10. Feature Merging Threshold - an integral count; 11. Colony Merging Threshold - a separate integral count;
12. Visibility on Edge - an integral representing steps within an edge that an ant can see through; and
13. Time-window - the number of time stamped intervals which are analysed.
Due to the difficulty in measuring the interaction of all parameters concurrently, parameters are grouped together by their perceived action, as follows:
1. Domain initialisation, in which the maximum edge length and step size are analysed; 2. Ant initialisation, analysing the ant complement and detection range parameters;
3. Pheromone deposition and movement, in which the quantity, minimum and maximum amounts of pheromone present on each edge, evaporation rate, and also the residual pa- rameter are explored; and
4. Merging thresholds, in which feature and colony merging are explored together with the edge visibility and the time-window parameters.
The evaluations to follow represent a combination of parameter specific experiments combined with the baseline evaluation, as per table (3.1). Each analysis has a varying optimality range, as optimality differs from the initial phases of execution towards the latter stages of execution. The optimal value should in theory build towards the “best” clustering solution. This analysis aims to determine the optimal value applicable to each parameter, its degree of influence, coupled with the influence this parameter has on other parameters, and why such behaviour takes place.
Graph are used to represent four key benchmarks, as described next.
Figure (a) shows the average feature combinations carried by ants. For the given 2D problem domain the optimal average feature combination value at the end of processing should be within the range of 1.5 − 1.7. Higher values, especially at the early stage mean premature stagnation, whilst lower values towards the end mean that feature merging is not occurring. The latter lack of feature merging is an indication that not enough ant encounters are taking place.

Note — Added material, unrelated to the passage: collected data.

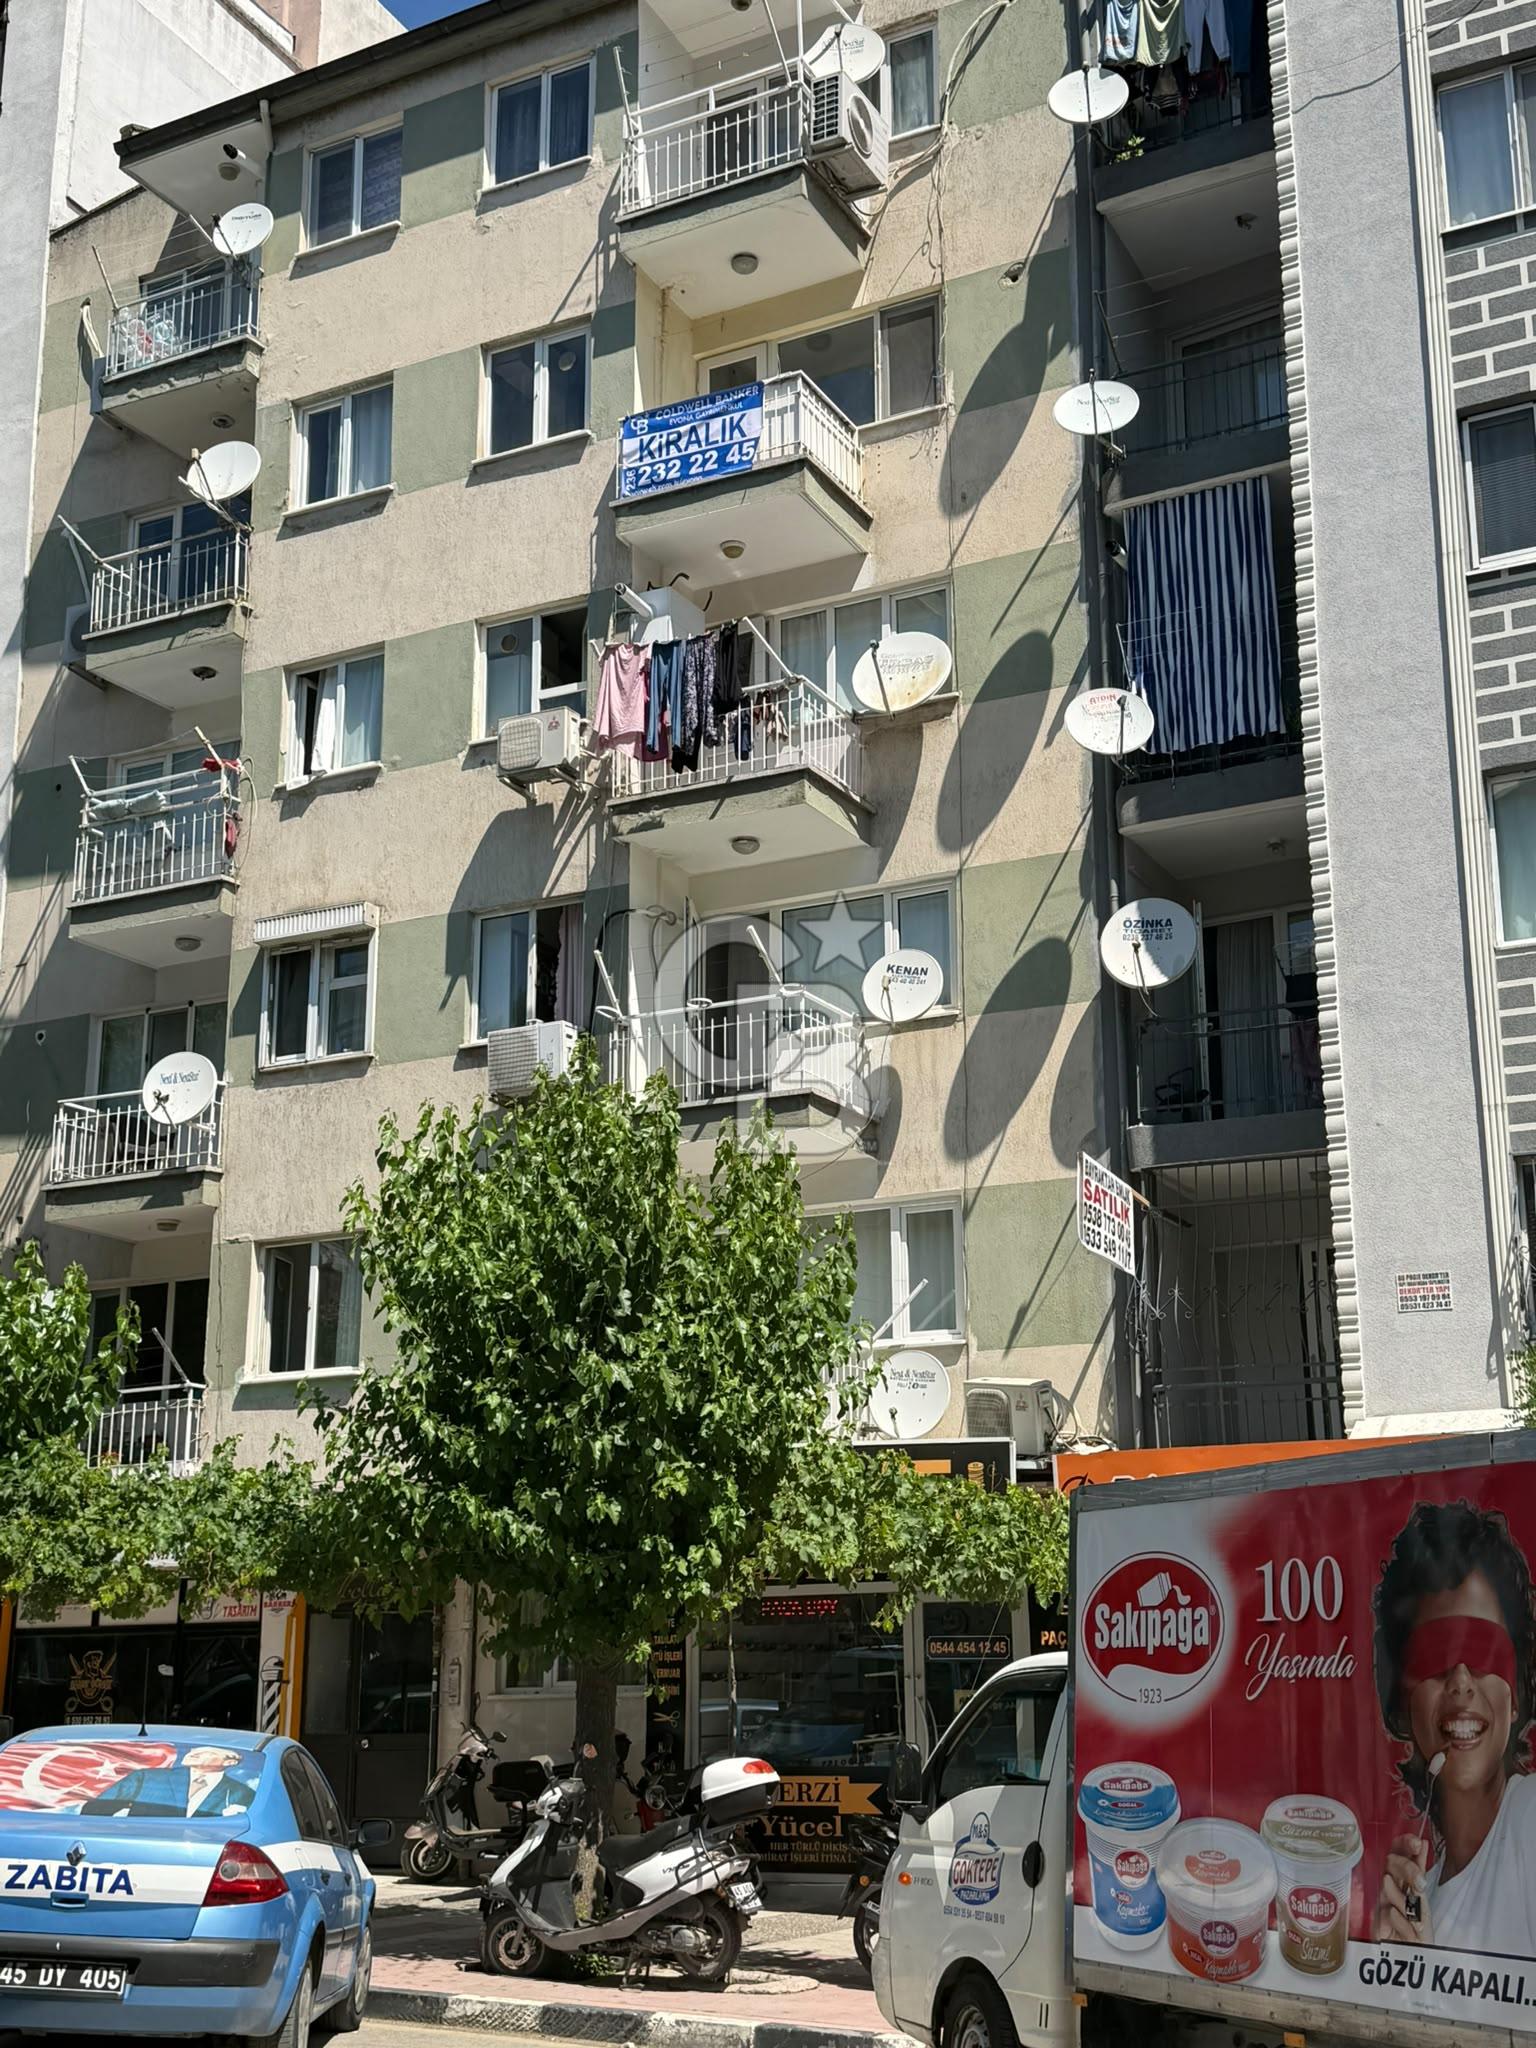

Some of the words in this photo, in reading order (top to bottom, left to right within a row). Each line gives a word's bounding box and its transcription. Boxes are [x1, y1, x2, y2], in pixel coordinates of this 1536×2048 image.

[655, 399, 714, 420] COLDWELL
[715, 385, 759, 403] BANKER
[637, 459, 681, 487] 232
[688, 450, 718, 475] 22
[725, 440, 755, 464] 45
[1123, 917, 1173, 929] ÖZİNKA
[886, 963, 928, 976] KENAN
[1084, 1178, 1131, 1228] SATILIK
[1255, 1555, 1344, 1622] 100
[1040, 1630, 1067, 1649] PAÇ
[1094, 1598, 1209, 1656] Sakıpağa
[930, 1641, 955, 1654] 0544
[956, 1641, 977, 1654] 454
[978, 1641, 992, 1653] 12
[993, 1640, 1007, 1653] 45
[1244, 1632, 1358, 1701] Yaşında
[1138, 1688, 1162, 1704] 1923
[778, 1777, 842, 1803] ERZİ
[757, 1815, 845, 1838] Yücel
[5, 1863, 135, 1896] ZABITA
[0, 1962, 27, 1985] 45
[38, 1963, 68, 1987] DY
[80, 1966, 121, 1990] 405
[1359, 1951, 1426, 1989] GÖZÜ

Figure (b) shows the distribution of ants in the top N colonies versus other smaller colonies. The absorption of ants in the top N colonies is an indication of a good clustering solution. Under optimal conditions this value should range between 0.6 and 0.8, which indicates that enough ants are joining the larger colonies, whilst allowing some free ants to exist. It is unlikely that all ants combine correctly into the major colonies, and when no minor colonies are present this can indicate over aggregation. An important consideration is that sudden merging of features and colonies does not imply correct cluster formation.

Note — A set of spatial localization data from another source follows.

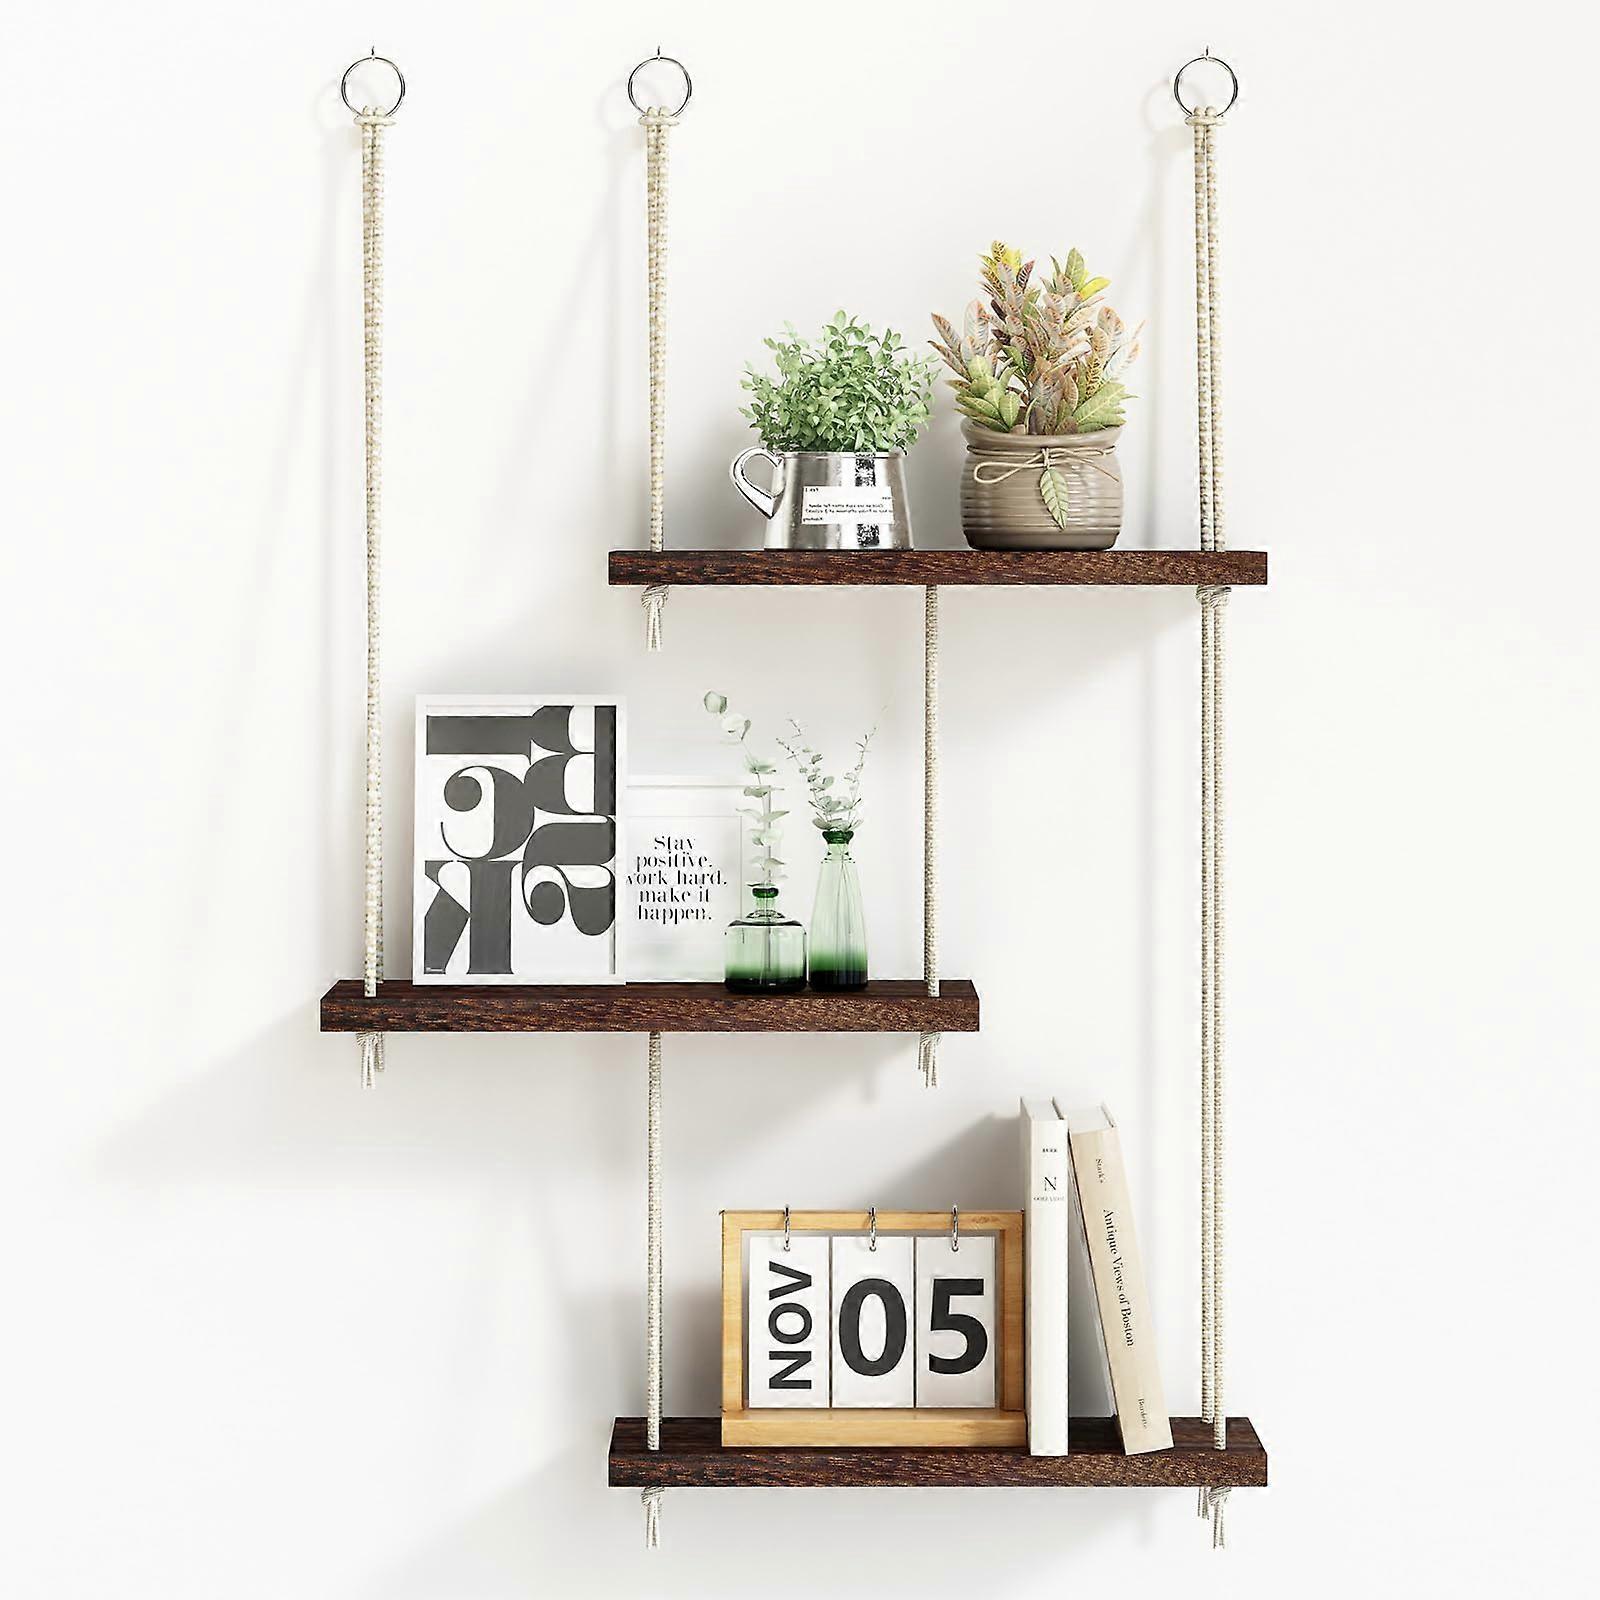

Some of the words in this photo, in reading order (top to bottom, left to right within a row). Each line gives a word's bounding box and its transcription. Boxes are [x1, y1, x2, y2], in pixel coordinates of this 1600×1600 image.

[654, 835, 696, 855] Stay
[636, 851, 713, 873] positive.
[677, 869, 727, 885] hard.
[640, 887, 691, 903] make
[699, 885, 709, 903] it
[638, 904, 712, 925] happen.
[1043, 1176, 1057, 1192] N
[1103, 1209, 1119, 1255] Antique
[1112, 1256, 1125, 1292] Views
[1118, 1293, 1130, 1304] of
[768, 1260, 813, 1390] NOV
[1120, 1307, 1135, 1347] Boston

Figure (c) shows the repetition in node traversals, where a high value indicates less randomness, whilst a lower value is indicative of a more varied search. In the opening phases, repetition should be low, indicating that ants are varied around the graph nodes. As time progresses more ants should be repeating the sequence of nodes that they traverse, which is indicative of correct pheromone path following. Under optimal conditions this value should range between 0.5 and 0.6, as some freedom in movement should always be present.

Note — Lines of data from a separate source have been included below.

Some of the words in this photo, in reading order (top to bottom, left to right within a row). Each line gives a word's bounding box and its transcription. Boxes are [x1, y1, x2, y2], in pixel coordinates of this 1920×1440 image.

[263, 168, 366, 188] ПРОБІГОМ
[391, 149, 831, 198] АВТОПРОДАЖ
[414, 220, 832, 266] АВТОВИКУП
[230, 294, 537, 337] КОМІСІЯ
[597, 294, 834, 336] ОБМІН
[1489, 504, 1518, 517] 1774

Figure (d) shows the progressive decline in the number of colonies present and the termination criteria. This is also time dependent, where the initial colony count is reduced as more colonies are engulfed by larger colonies. Coupled with figure (b), whilst the majority of ants are expected to be in the top N colonies, a number of smaller colonies are likely to exist, indicating correct functionality. Termination is not necessarily shown in these experiments given the short time cycles used. The decline in colony counts and the colony membership stabilisation is indicative of correct termination.